(Images for object localization)
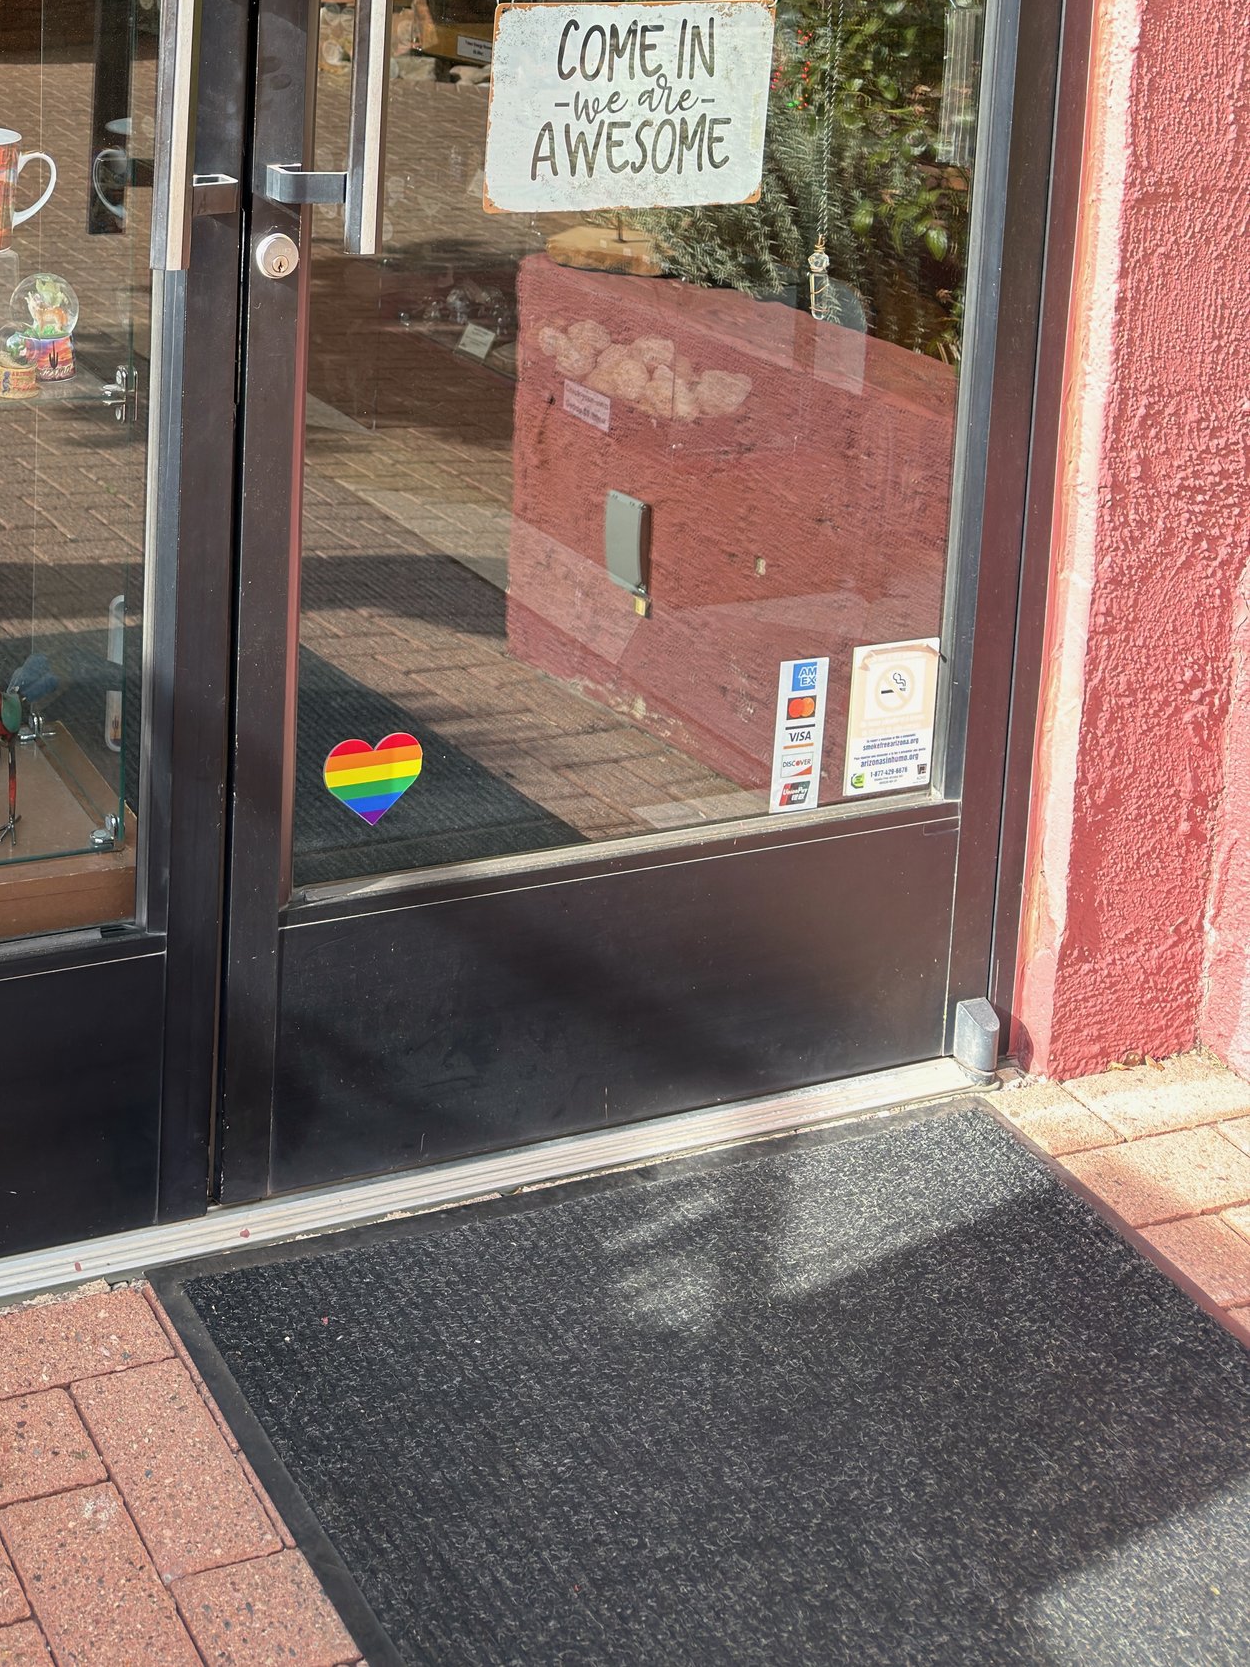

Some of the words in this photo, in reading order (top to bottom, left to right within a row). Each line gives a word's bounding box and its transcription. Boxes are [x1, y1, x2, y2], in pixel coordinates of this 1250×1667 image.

[557, 19, 664, 82] COME
[677, 17, 715, 79] IN
[531, 113, 732, 181] AWESOME
[799, 666, 817, 677] AM
[801, 677, 816, 686] EX
[789, 731, 811, 742] VISA
[863, 738, 919, 751] smokefreearizona.org
[782, 758, 811, 768] DISCOVER
[860, 753, 919, 767] arizonasinhumo.org
[783, 786, 807, 795] UnionPay

Your assignment >> The entries are to be transcribed in full. Their pictures are not.

Response for this exercise >>
Some of the words in this photo, in reading order (top to bottom, left to right within a row). Each line gives a word's bounding box and its transcription. Boxes are [x1, y1, x2, y2], in pixel coordinates of this 1250×1667 image.

[557, 19, 664, 82] COME
[677, 17, 715, 79] IN
[531, 113, 732, 181] AWESOME
[799, 666, 817, 677] AM
[801, 677, 816, 686] EX
[789, 731, 811, 742] VISA
[863, 738, 919, 751] smokefreearizona.org
[782, 758, 811, 768] DISCOVER
[860, 753, 919, 767] arizonasinhumo.org
[783, 786, 807, 795] UnionPay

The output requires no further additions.